**EXERCISE DESCRIPTION**
Could you retype the records word for word but without any pictures?
*** Block opens ***
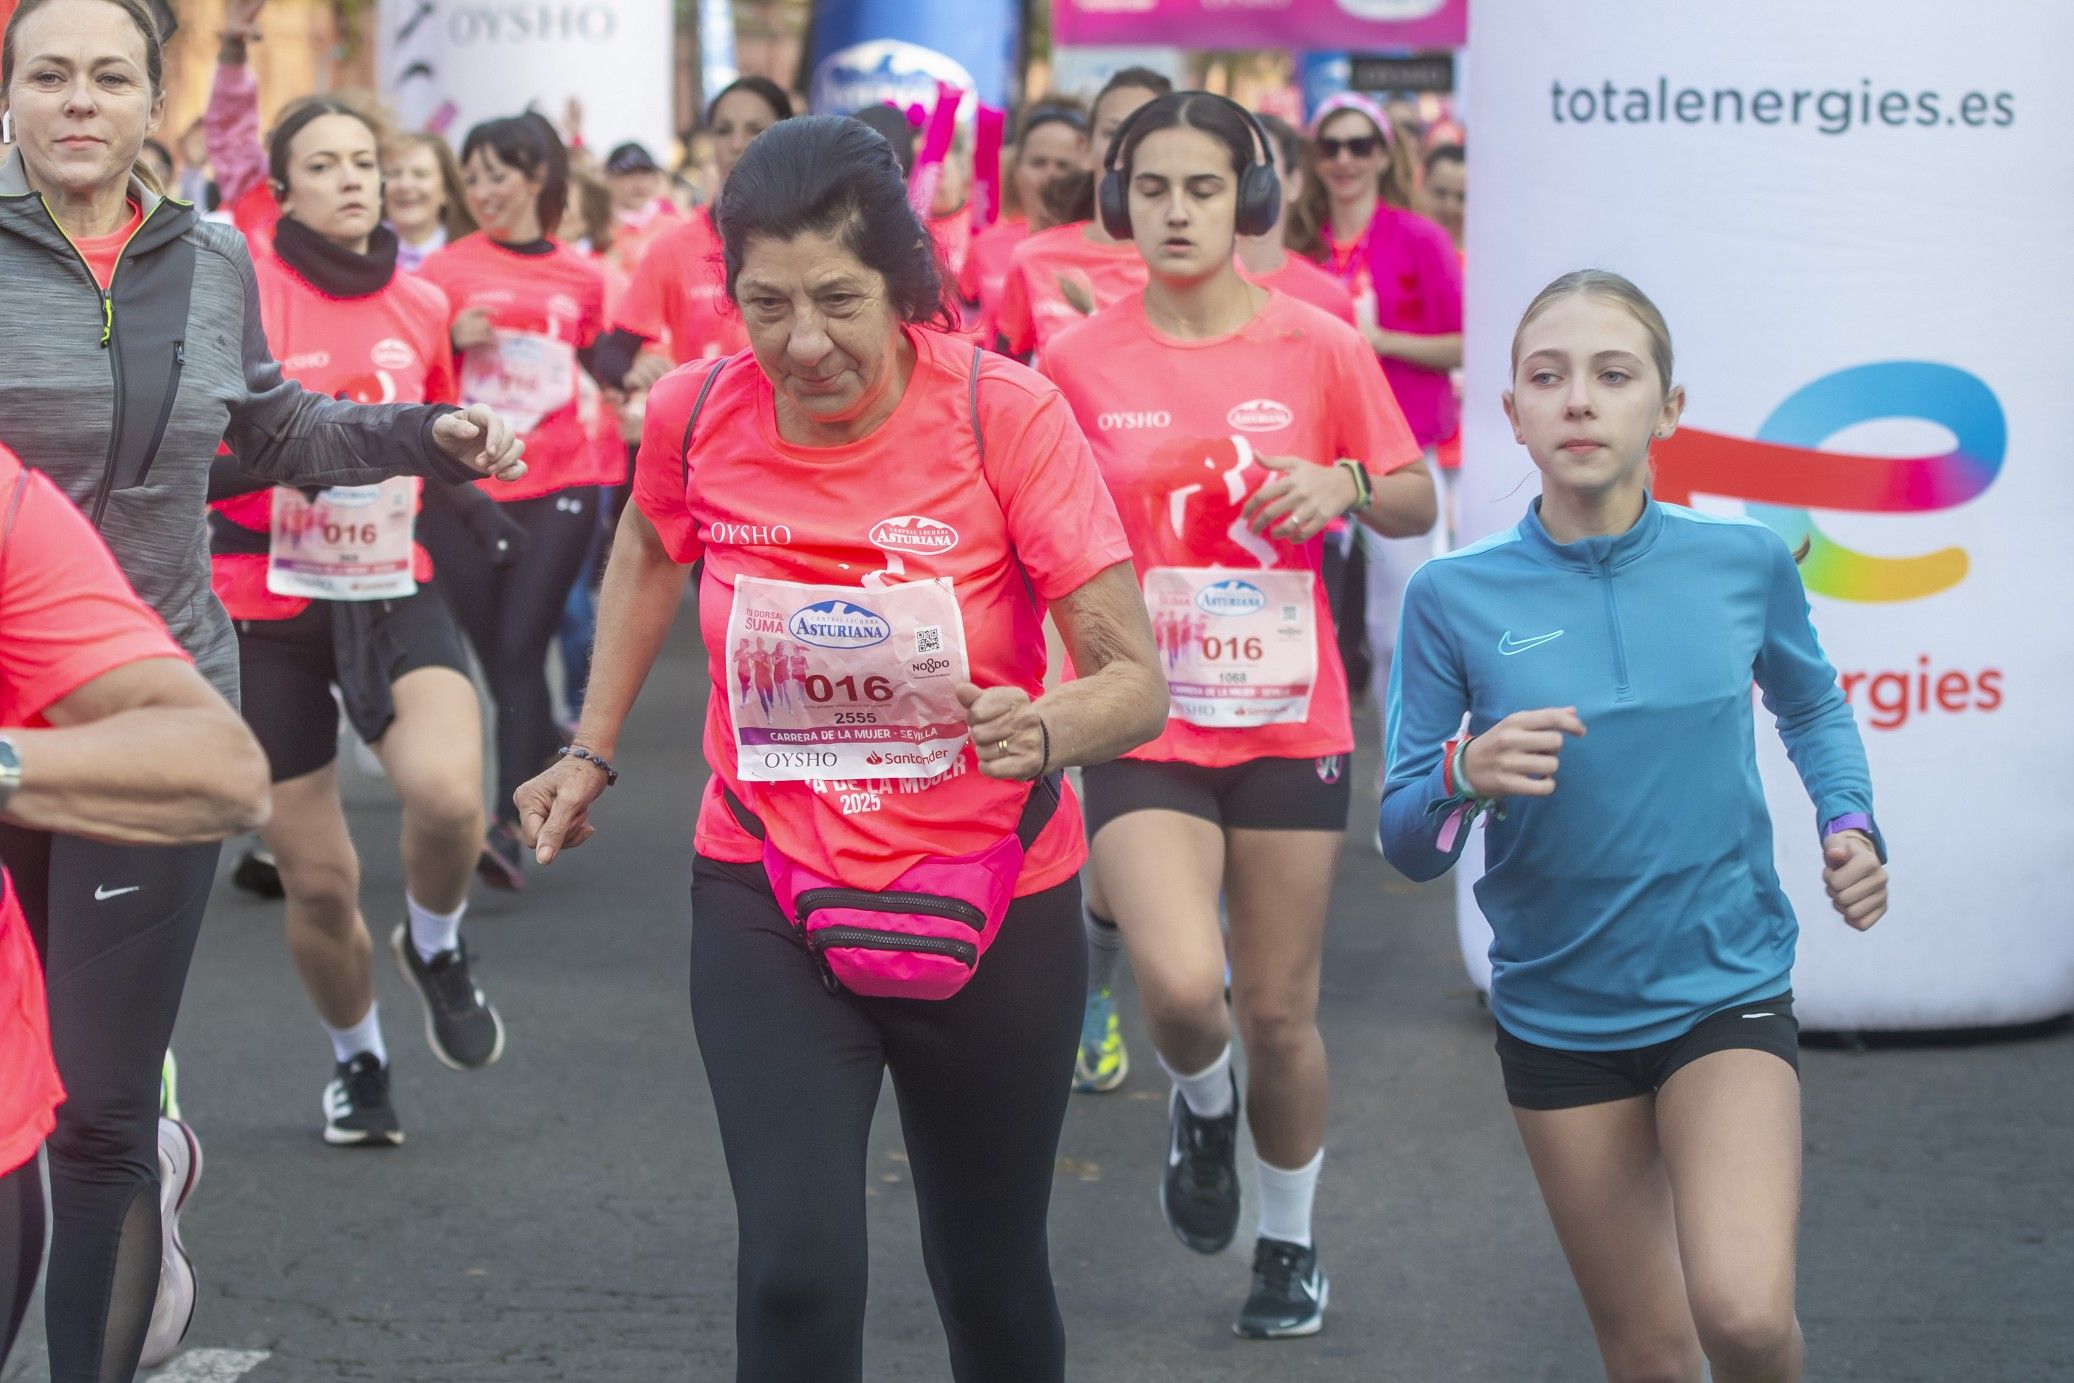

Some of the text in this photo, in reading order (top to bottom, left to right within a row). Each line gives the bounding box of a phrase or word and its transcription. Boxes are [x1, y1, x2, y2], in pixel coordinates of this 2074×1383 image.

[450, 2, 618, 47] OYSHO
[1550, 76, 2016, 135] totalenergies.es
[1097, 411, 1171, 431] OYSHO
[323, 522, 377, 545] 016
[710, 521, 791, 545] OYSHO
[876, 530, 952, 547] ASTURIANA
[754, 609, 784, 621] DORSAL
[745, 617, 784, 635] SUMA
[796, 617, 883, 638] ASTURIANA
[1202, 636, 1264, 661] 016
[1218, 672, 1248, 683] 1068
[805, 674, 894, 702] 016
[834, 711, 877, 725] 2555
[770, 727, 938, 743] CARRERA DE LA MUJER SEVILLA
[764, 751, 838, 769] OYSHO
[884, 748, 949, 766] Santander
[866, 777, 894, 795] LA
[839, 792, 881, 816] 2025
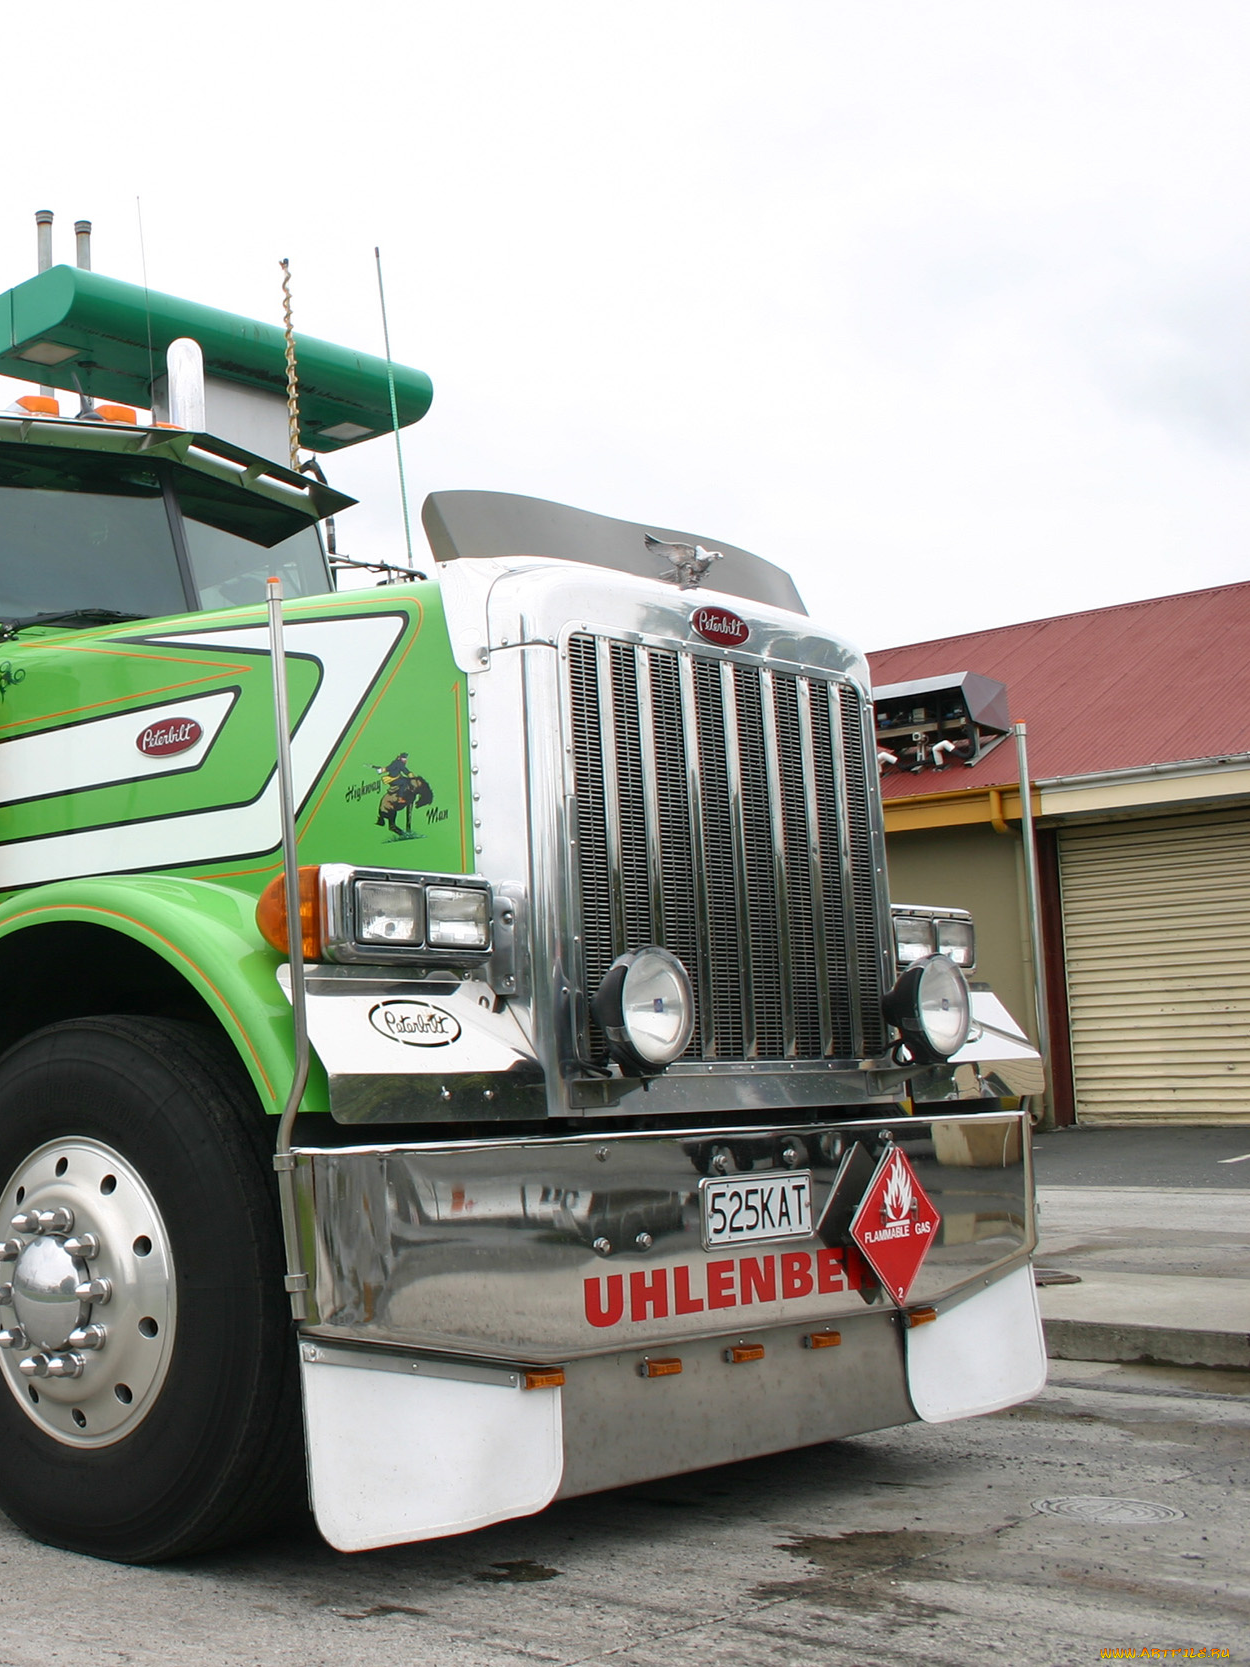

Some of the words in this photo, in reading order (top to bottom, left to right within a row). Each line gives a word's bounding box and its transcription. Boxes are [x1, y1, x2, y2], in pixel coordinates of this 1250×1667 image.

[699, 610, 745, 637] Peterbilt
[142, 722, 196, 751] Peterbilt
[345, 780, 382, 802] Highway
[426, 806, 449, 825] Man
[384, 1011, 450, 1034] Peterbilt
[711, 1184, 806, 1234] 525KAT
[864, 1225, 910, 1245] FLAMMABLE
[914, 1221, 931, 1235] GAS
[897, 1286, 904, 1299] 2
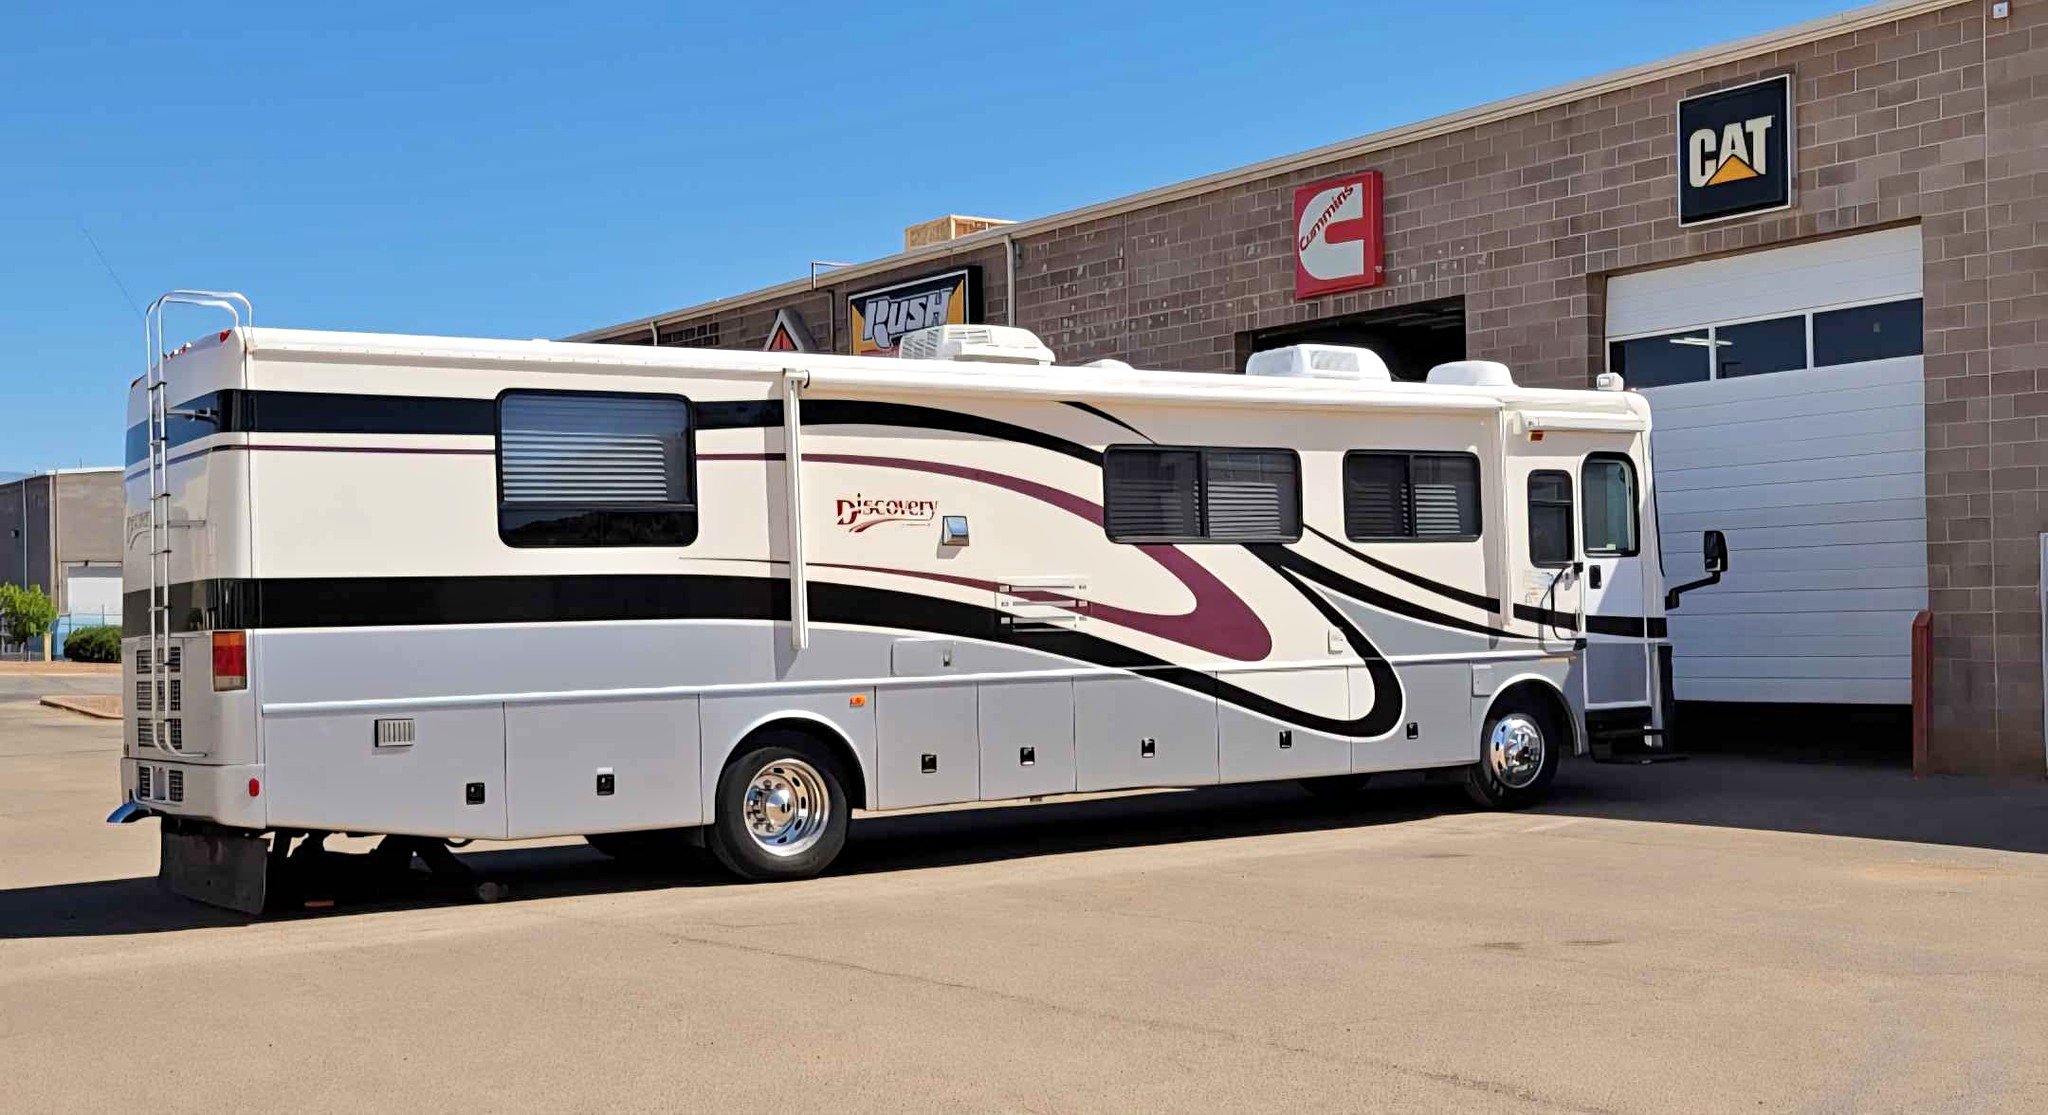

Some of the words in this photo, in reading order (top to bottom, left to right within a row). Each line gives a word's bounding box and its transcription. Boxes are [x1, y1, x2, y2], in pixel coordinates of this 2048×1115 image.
*** Block closes ***
**WRITTEN SOLUTION**
Some of the text in this photo, in reading order (top to bottom, left to right within a row). Each line gives the bounding box of a phrase or word and its transcription. Boxes are [x1, y1, x2, y2], in pixel coordinates of this 2074×1383 image.

[450, 2, 618, 47] OYSHO
[1550, 76, 2016, 135] totalenergies.es
[1097, 411, 1171, 431] OYSHO
[323, 522, 377, 545] 016
[710, 521, 791, 545] OYSHO
[876, 530, 952, 547] ASTURIANA
[754, 609, 784, 621] DORSAL
[745, 617, 784, 635] SUMA
[796, 617, 883, 638] ASTURIANA
[1202, 636, 1264, 661] 016
[1218, 672, 1248, 683] 1068
[805, 674, 894, 702] 016
[834, 711, 877, 725] 2555
[770, 727, 938, 743] CARRERA DE LA MUJER SEVILLA
[764, 751, 838, 769] OYSHO
[884, 748, 949, 766] Santander
[866, 777, 894, 795] LA
[839, 792, 881, 816] 2025

Some of the words in this photo, in reading order (top to bottom, left to right within a row). Each line gives a word's bounding box and its transcription. Boxes are [x1, y1, x2, y2], in pixel coordinates of this 1250×1667 image.

[699, 610, 745, 637] Peterbilt
[142, 722, 196, 751] Peterbilt
[345, 780, 382, 802] Highway
[426, 806, 449, 825] Man
[384, 1011, 450, 1034] Peterbilt
[711, 1184, 806, 1234] 525KAT
[864, 1225, 910, 1245] FLAMMABLE
[914, 1221, 931, 1235] GAS
[897, 1286, 904, 1299] 2

Some of the words in this photo, in reading order (top to bottom, left to right within a row). Each line gives a word's bounding box and its transcription. Boxes are [x1, y1, x2, y2], in pixel coordinates of this 2048×1115 image.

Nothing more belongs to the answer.